Embark on a journey towards enhanced data integrity and assured decision-making with Clinical Ink. As trailblazers in the realm of eSource, their technological framework and service offerings ensure increased reliability from the initial source all the way to submission. Discover Lunexis™, a well-defined and interconnected eSource Ecosystem that provides targeted data capture solutions tailored to your protocol during the pivotal moments that count. The Lunexis platform simplifies the deployment of a cohesive and user-friendly eSource solution, granting you access to your study data anytime and anywhere. We offer more than just rapid and accurate data; we instill assurance in your processes. With this approach, both your sites and patients benefit from a smoother experience, leading to improved patient compliance and engagement, as well as ensuring proper protocol execution. Take the first step toward successfully managing your most intricate studies with confidence — utilize Lunexis to facilitate informed and optimal decision-making for your research endeavors. Moreover, this innovative platform not only streamlines processes but also enhances collaboration among all stakeholders involved in the study.

Introducing an integrated suite of professional tools designed to facilitate dynamic sharing of pre-clinical study data globally, featuring advanced capabilities and widely recognized industry standards. The Seralogix Study Manager™ platform seeks to create a standardized and efficient process for managing pre-clinical studies through a user-friendly interface. It caters to both individual researchers and large-scale research enterprises, harnessing powerful computational resources to simplify experimental design, data collection, and reporting. With this set of tools, you and your team can be assured of high data quality while reaping the advantages of immediate reporting. Successfully planning your experimental design can often feel overwhelming, but Seralogix Study Manager guides you through each step necessary to achieve the statistical rigor required for the success of your studies, ultimately transforming the way research is conducted. As you navigate this innovative platform, you'll discover how it can enhance collaboration and elevate the overall quality of research outcomes.

At Calyx, we understand that the foundation of a successful clinical development initiative lies in the quality of your data, which underscores the importance of an efficient electronic data collection (EDC) system. Employed in over 2,600 clinical trials globally, Calyx EDC facilitates the streamlined collection and reporting of clinical trial data through a user-friendly platform. It’s essential to safeguard your critical data with a reliable partner—reach out to us to discover how Calyx can enhance the success of your program. With Calyx EDC, you gain the adaptability to effortlessly plan, design, and execute studies of any complexity. Its features are crafted to lower costs, enhance site visibility, and boost efficiency, ensuring your trial remains on course. Trust Calyx to be the ally you need for navigating the complexities of clinical trials.

Mednet is an eClinical technology company that specializes in healthcare solutions for the global life science community. Mednet's flexible, EDC-centric eClinical platform increases the efficiency of clinical research of all sizes. Mednet's comprehensive solution suite provides all the tools necessary to create and manage clinical research. It can also adapt to changing demands and requirements. Mednet has been trusted by CROs in every sector of the pharmaceutical, medical device, and biotechnology industries for almost 20 years. They provide the expertise, reliability, and innovation that they need to succeed. Mednetsolutions.com has more information.

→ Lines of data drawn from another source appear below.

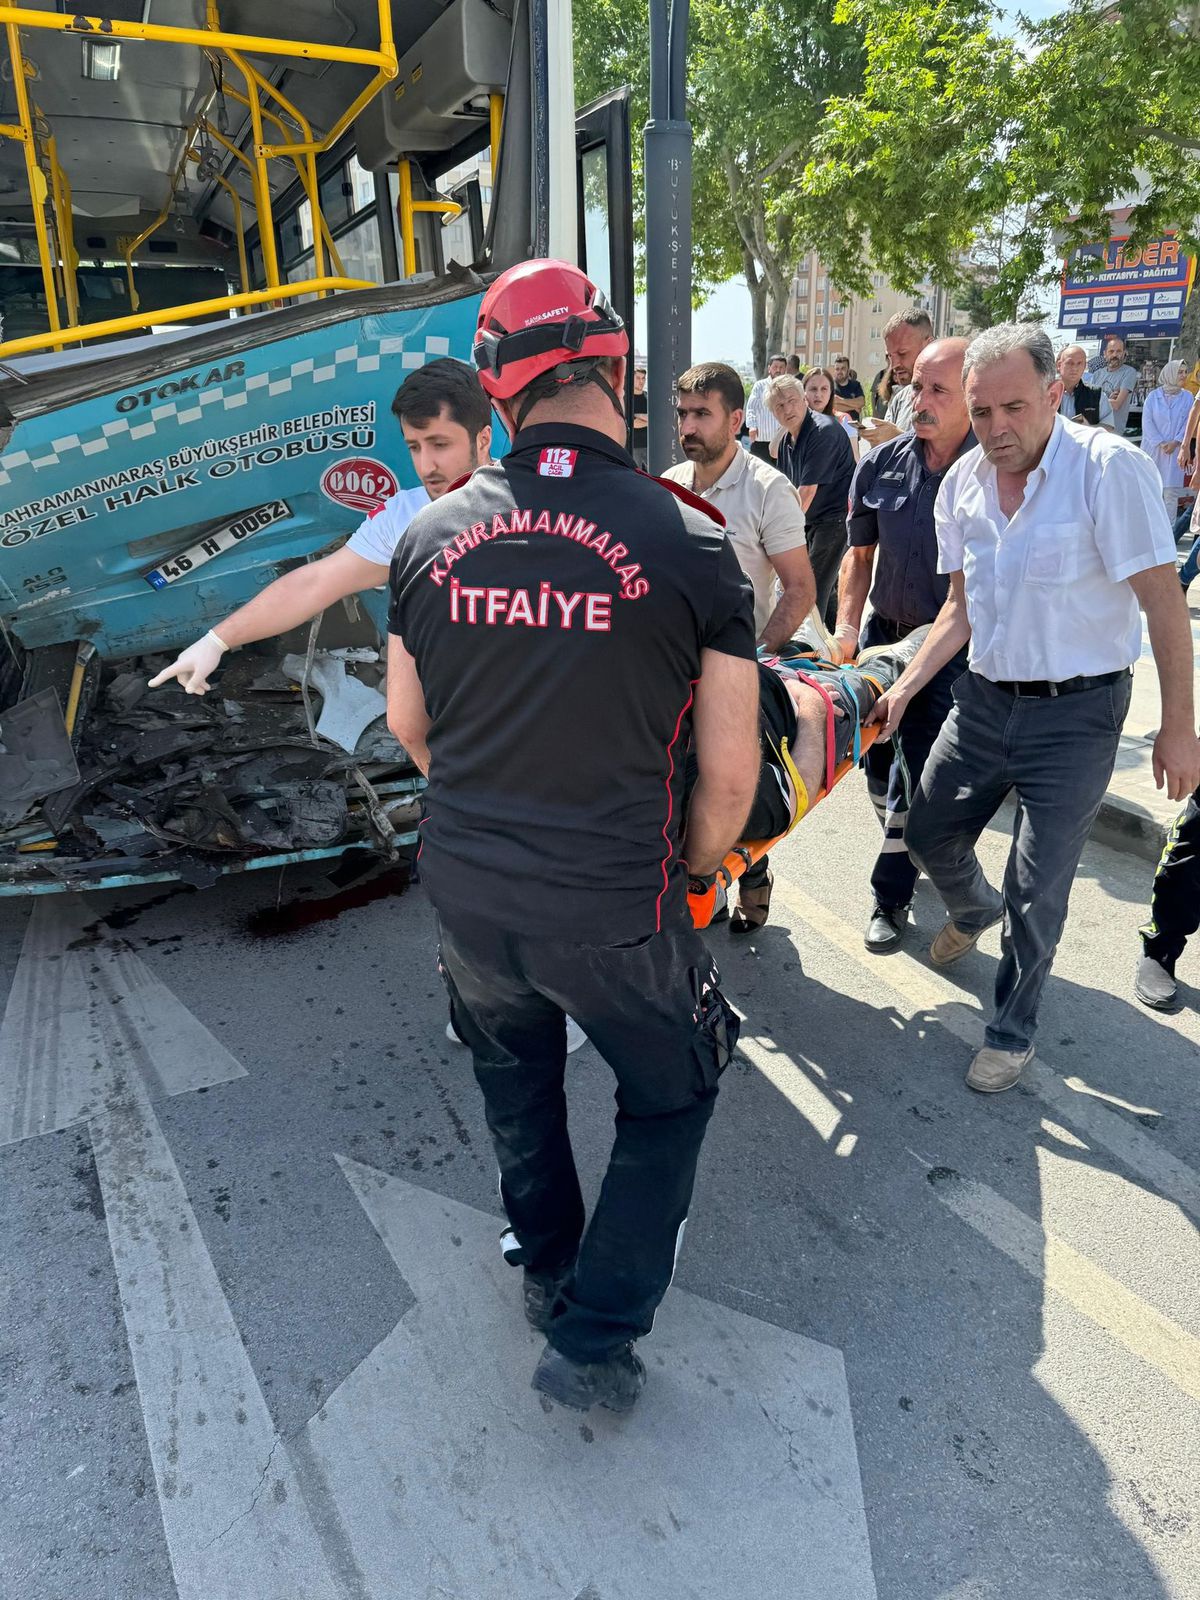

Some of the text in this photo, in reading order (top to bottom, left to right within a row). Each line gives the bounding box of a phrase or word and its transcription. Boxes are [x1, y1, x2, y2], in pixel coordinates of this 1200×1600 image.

[115, 360, 246, 412] OTOKAR
[168, 423, 279, 470] BÜYÜKŞEHİR
[283, 400, 376, 437] BELEDİYESİ
[546, 448, 571, 465] 112
[0, 426, 376, 548] ÖZEL HALK OTOBÜSÜ
[329, 470, 392, 501] 0062
[154, 501, 286, 587] TR 46 H 0062
[429, 509, 650, 601] KAHRAMANMARAŞ
[449, 576, 612, 632] İTFAİYE
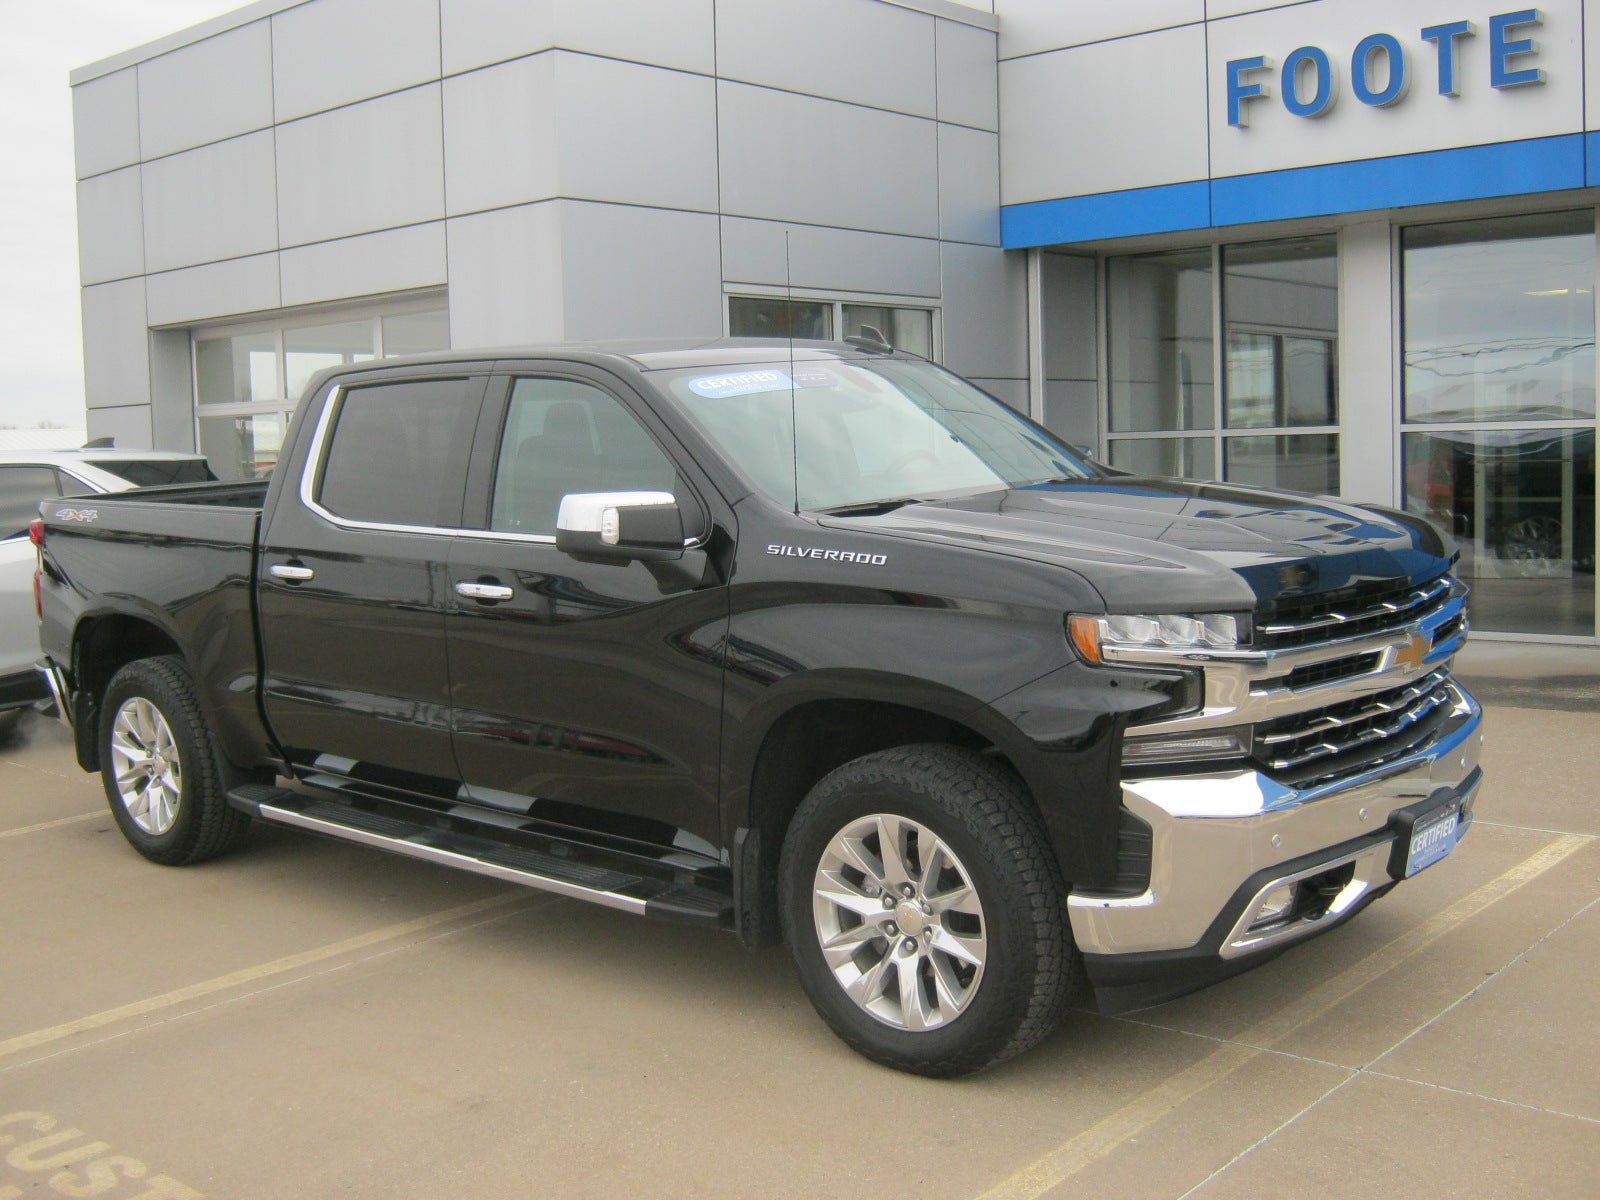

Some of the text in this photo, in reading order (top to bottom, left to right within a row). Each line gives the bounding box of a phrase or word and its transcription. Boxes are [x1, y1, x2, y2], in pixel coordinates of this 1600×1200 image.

[1226, 8, 1546, 128] FOOTE
[696, 372, 779, 390] CERTIFIED
[766, 544, 888, 566] SILVERADO
[1411, 817, 1456, 855] CERTIFIED

Data management is crucial to the success and efficiency of your clinical research. Despite being complex, Quanta View, an e-CRF, makes it possible to control the processing of your data. Quanta View includes elements such as monitoring, follow up of inclusions, and project management. The application will be there to help you in all aspects of your clinical research. It is accessible via the internet and responsive. It adapts to all media (tablet, laptop, etc.). Quanta view is designed for the pharmaceutical, medical device, and cosmetic industries.